── Provided entries ──

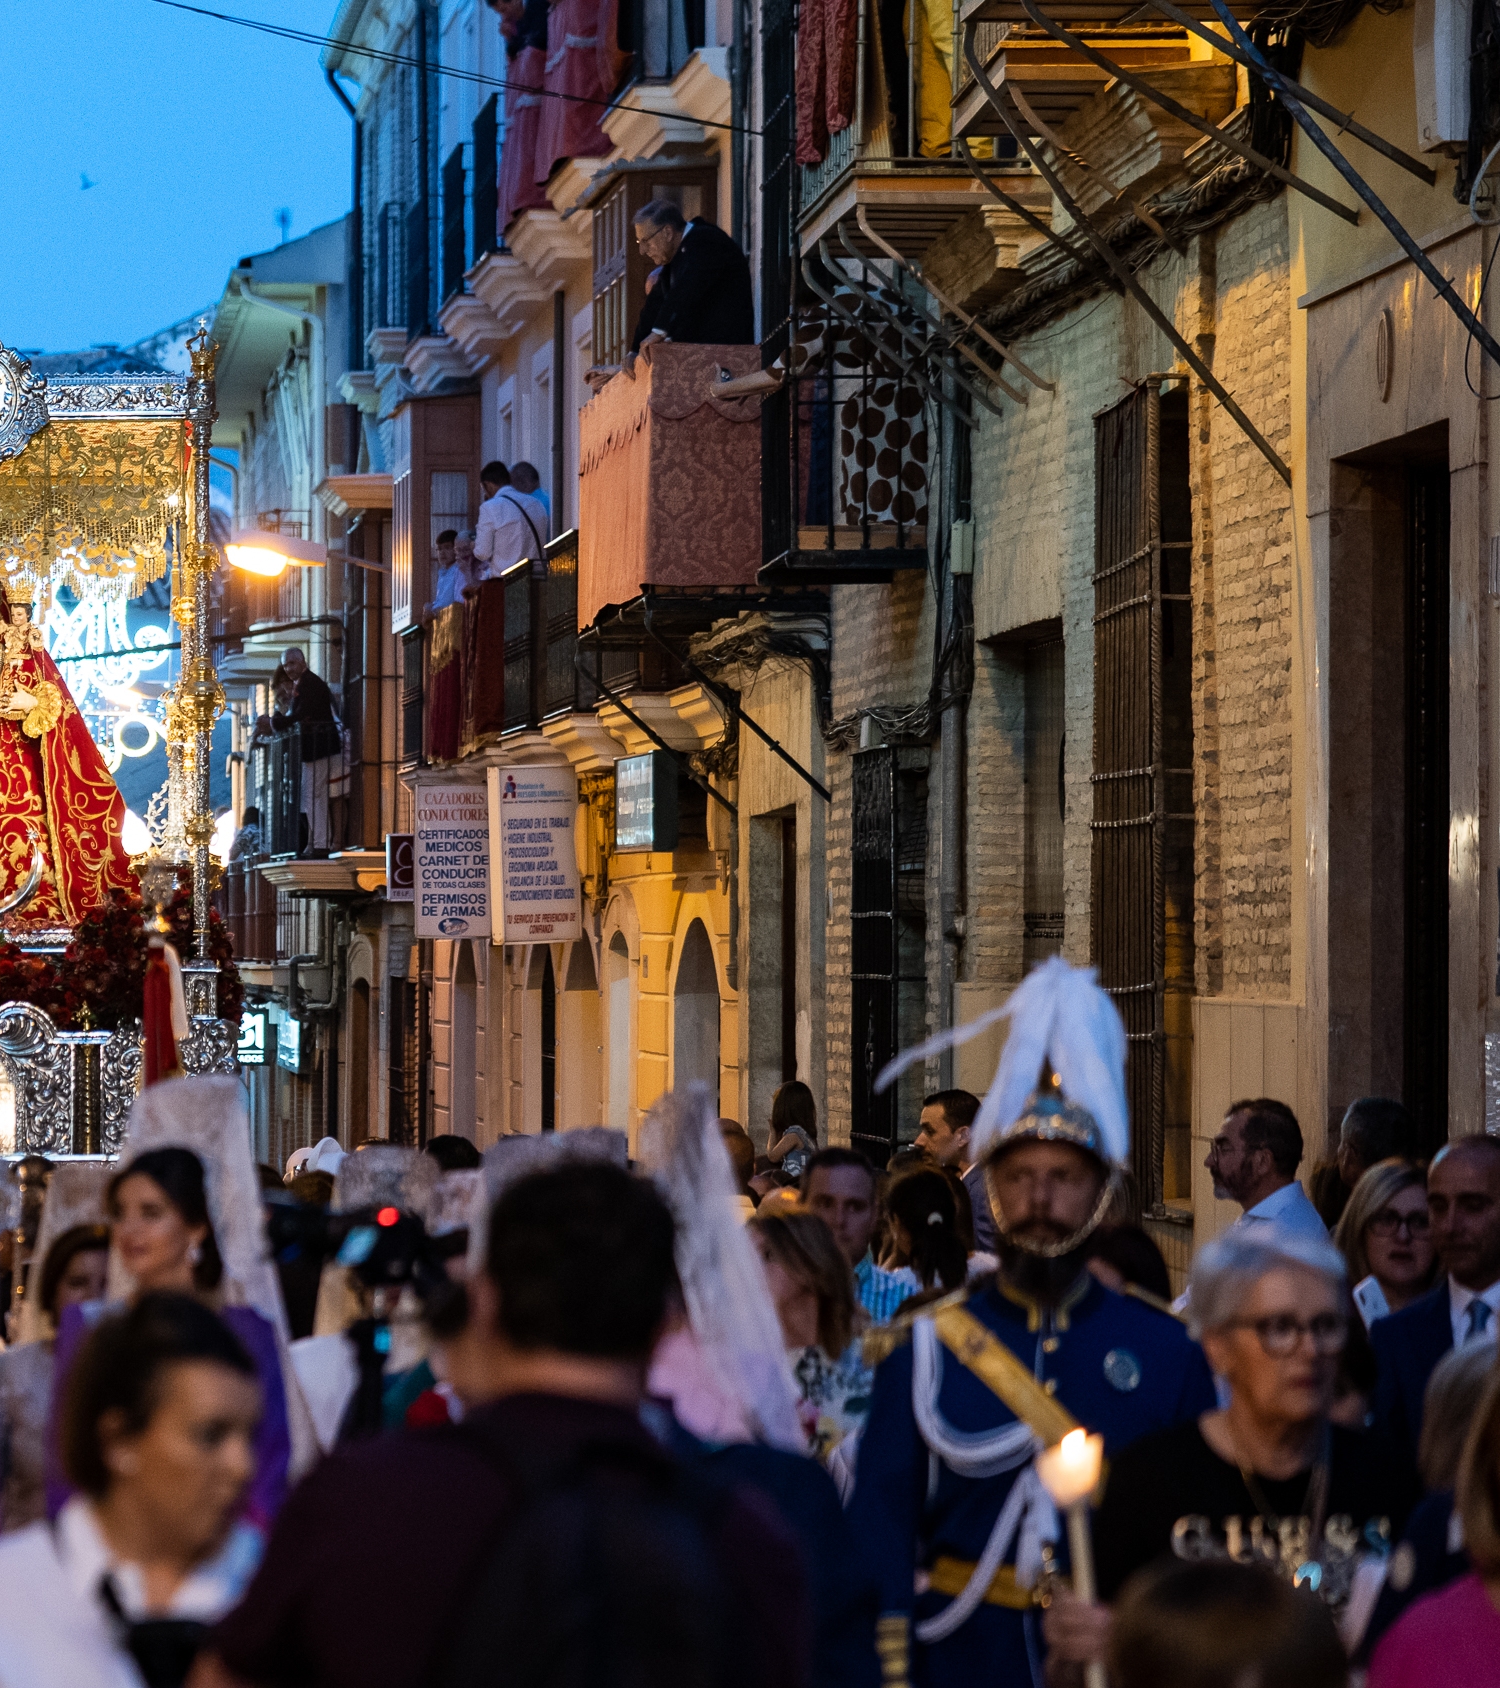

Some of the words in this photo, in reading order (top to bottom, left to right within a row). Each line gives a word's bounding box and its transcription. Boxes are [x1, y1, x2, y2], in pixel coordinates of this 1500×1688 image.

[425, 793, 484, 804] CAZADORES
[418, 808, 489, 821] CONDUCTORES
[508, 818, 533, 830] SEGURIDAD
[534, 818, 541, 828] EN
[542, 818, 548, 828] EL
[418, 829, 489, 839] CERTIFICADOS
[508, 833, 525, 844] HIGIENE
[426, 841, 482, 852] MEDICOS
[419, 855, 469, 866] CARNET
[473, 855, 489, 865] DE
[508, 862, 535, 872] ERGONOMIA
[422, 868, 486, 880] CONDUCIR
[510, 876, 533, 886] VIGILANCIA
[535, 876, 541, 886] DE
[543, 875, 548, 885] LA
[422, 894, 486, 904] PERMISOS
[510, 890, 552, 901] RECONOCIMIENTOS
[422, 906, 437, 916] DE
[441, 906, 485, 916] ARMAS
[507, 915, 512, 924] TU
[513, 914, 533, 924] SERVICIO
[534, 914, 541, 923] DE
[542, 913, 569, 922] PREVENCION
[570, 913, 575, 921] DE
[529, 924, 553, 934] CONFIANZA
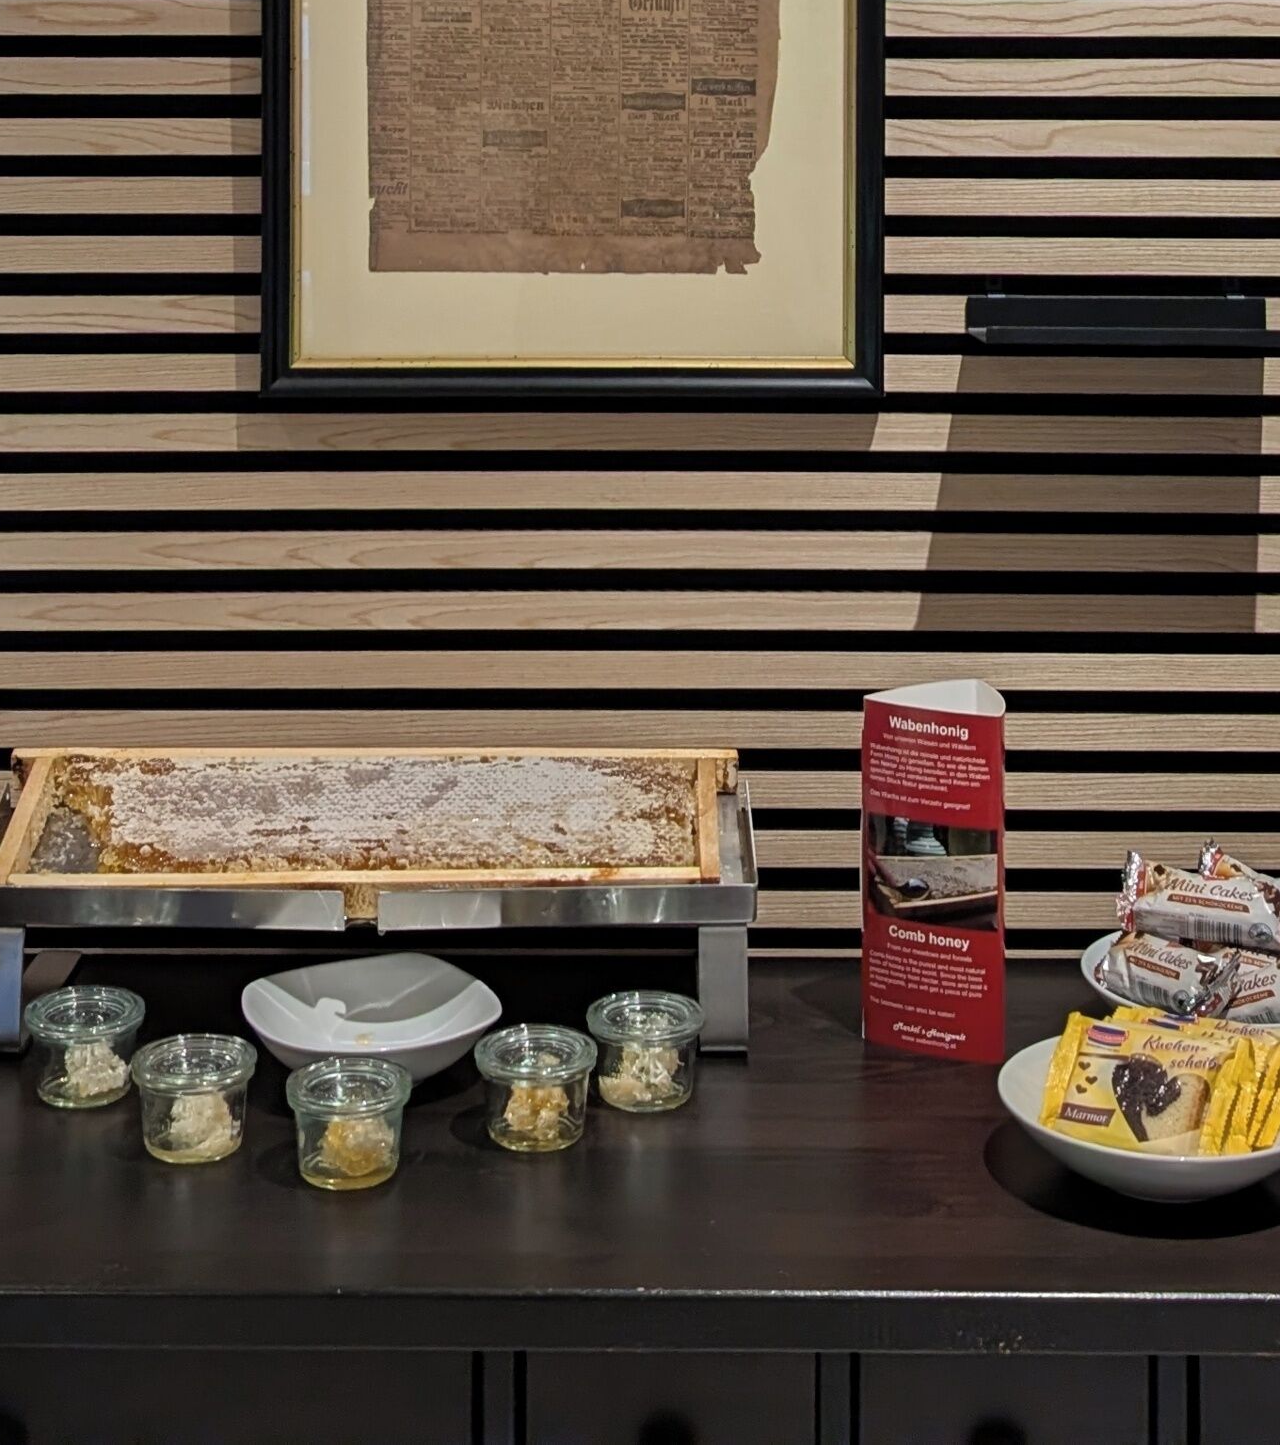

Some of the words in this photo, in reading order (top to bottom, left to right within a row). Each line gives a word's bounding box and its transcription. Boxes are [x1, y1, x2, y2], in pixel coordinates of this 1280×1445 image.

[889, 715, 969, 740] Wabenhonig
[1166, 874, 1207, 895] Mini
[1210, 884, 1256, 902] Cakes
[889, 925, 925, 943] Comb
[929, 932, 970, 952] honey
[1130, 940, 1158, 958] Mini
[1159, 949, 1192, 969] Cakes
[1142, 1035, 1207, 1054] Kuchen-
[1064, 1107, 1108, 1123] Marmor
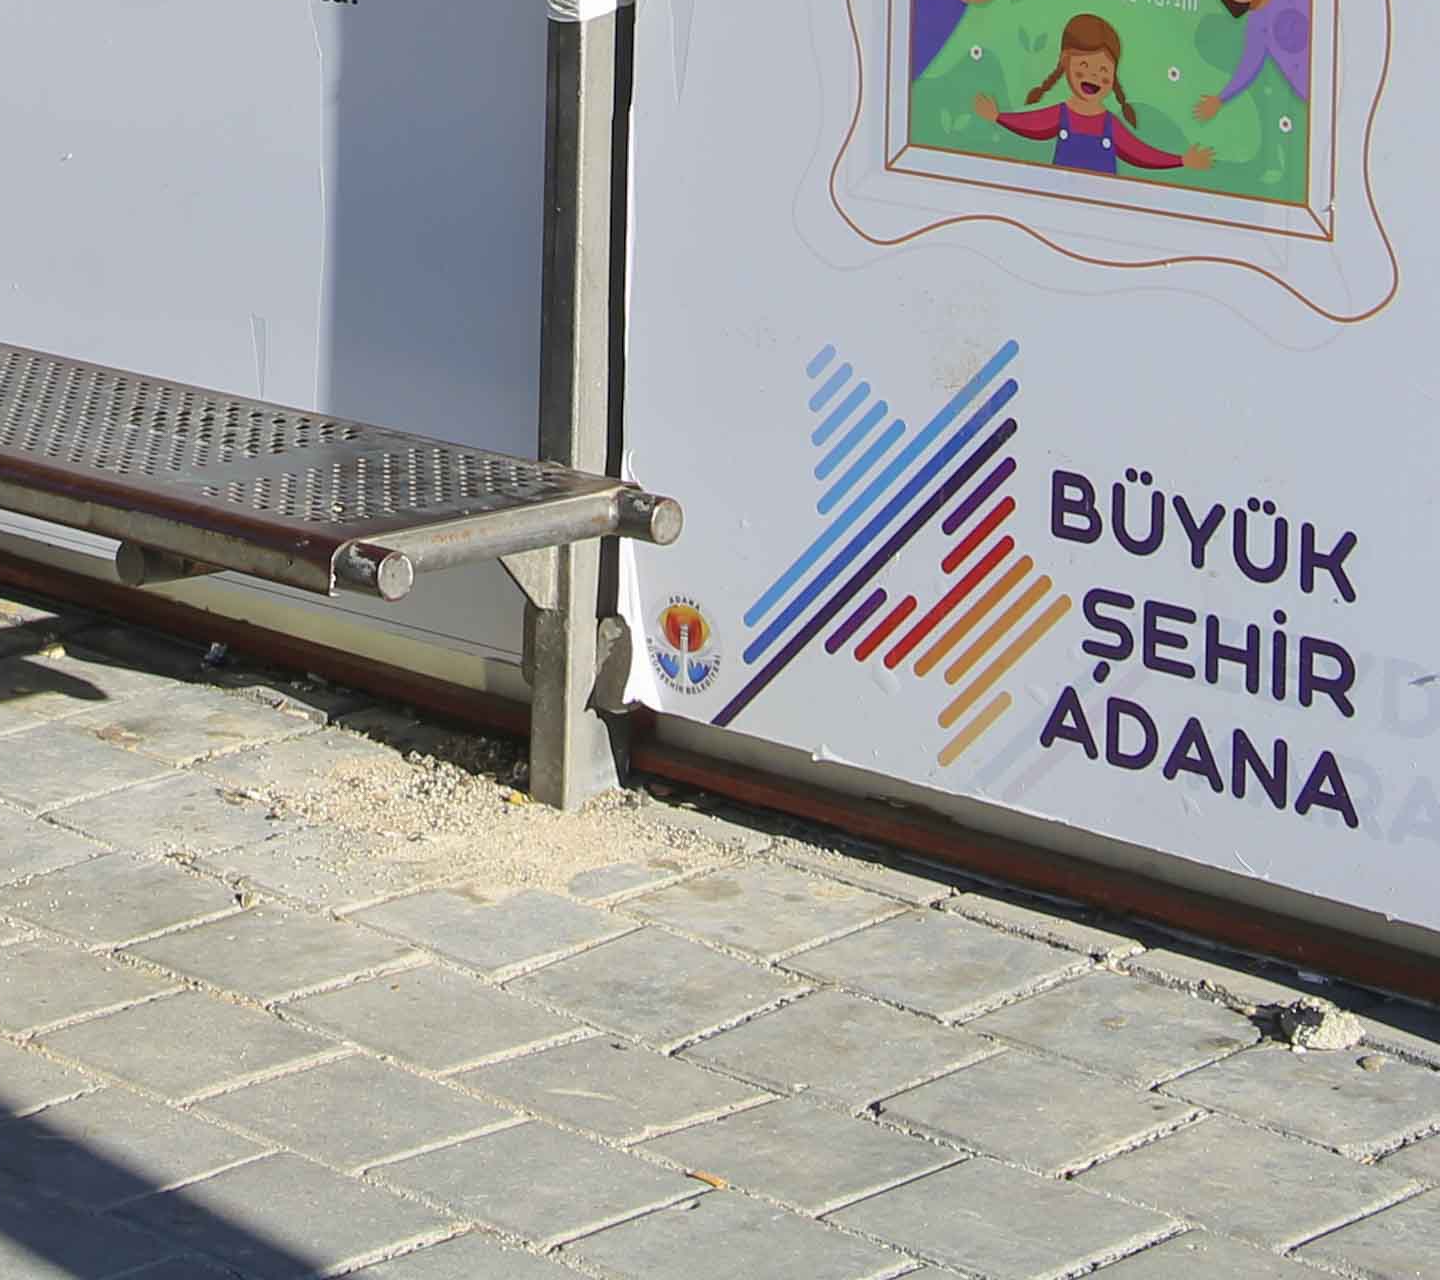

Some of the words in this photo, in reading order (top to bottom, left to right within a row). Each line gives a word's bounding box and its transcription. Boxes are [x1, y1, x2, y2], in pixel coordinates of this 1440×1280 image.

───

Activity: In the copy, include every line of the entries above exactly and none of the pictures.

Worked solution:
Some of the words in this photo, in reading order (top to bottom, left to right within a row). Each line gives a word's bounding box and its transcription. Boxes are [x1, y1, x2, y2], in pixel coordinates of this 1500×1688 image.

[425, 793, 484, 804] CAZADORES
[418, 808, 489, 821] CONDUCTORES
[508, 818, 533, 830] SEGURIDAD
[534, 818, 541, 828] EN
[542, 818, 548, 828] EL
[418, 829, 489, 839] CERTIFICADOS
[508, 833, 525, 844] HIGIENE
[426, 841, 482, 852] MEDICOS
[419, 855, 469, 866] CARNET
[473, 855, 489, 865] DE
[508, 862, 535, 872] ERGONOMIA
[422, 868, 486, 880] CONDUCIR
[510, 876, 533, 886] VIGILANCIA
[535, 876, 541, 886] DE
[543, 875, 548, 885] LA
[422, 894, 486, 904] PERMISOS
[510, 890, 552, 901] RECONOCIMIENTOS
[422, 906, 437, 916] DE
[441, 906, 485, 916] ARMAS
[507, 915, 512, 924] TU
[513, 914, 533, 924] SERVICIO
[534, 914, 541, 923] DE
[542, 913, 569, 922] PREVENCION
[570, 913, 575, 921] DE
[529, 924, 553, 934] CONFIANZA

Some of the words in this photo, in reading order (top to bottom, left to right within a row). Each line gives a word's bounding box and its transcription. Boxes are [x1, y1, x2, y2], in pixel coordinates of this 1280×1445 image.

[889, 715, 969, 740] Wabenhonig
[1166, 874, 1207, 895] Mini
[1210, 884, 1256, 902] Cakes
[889, 925, 925, 943] Comb
[929, 932, 970, 952] honey
[1130, 940, 1158, 958] Mini
[1159, 949, 1192, 969] Cakes
[1142, 1035, 1207, 1054] Kuchen-
[1064, 1107, 1108, 1123] Marmor

Some of the words in this photo, in reading order (top to bottom, left to right within a row). Each line gives a word's bounding box and its transcription. Boxes are [x1, y1, x2, y2], in pixel coordinates of this 1440×1280 image.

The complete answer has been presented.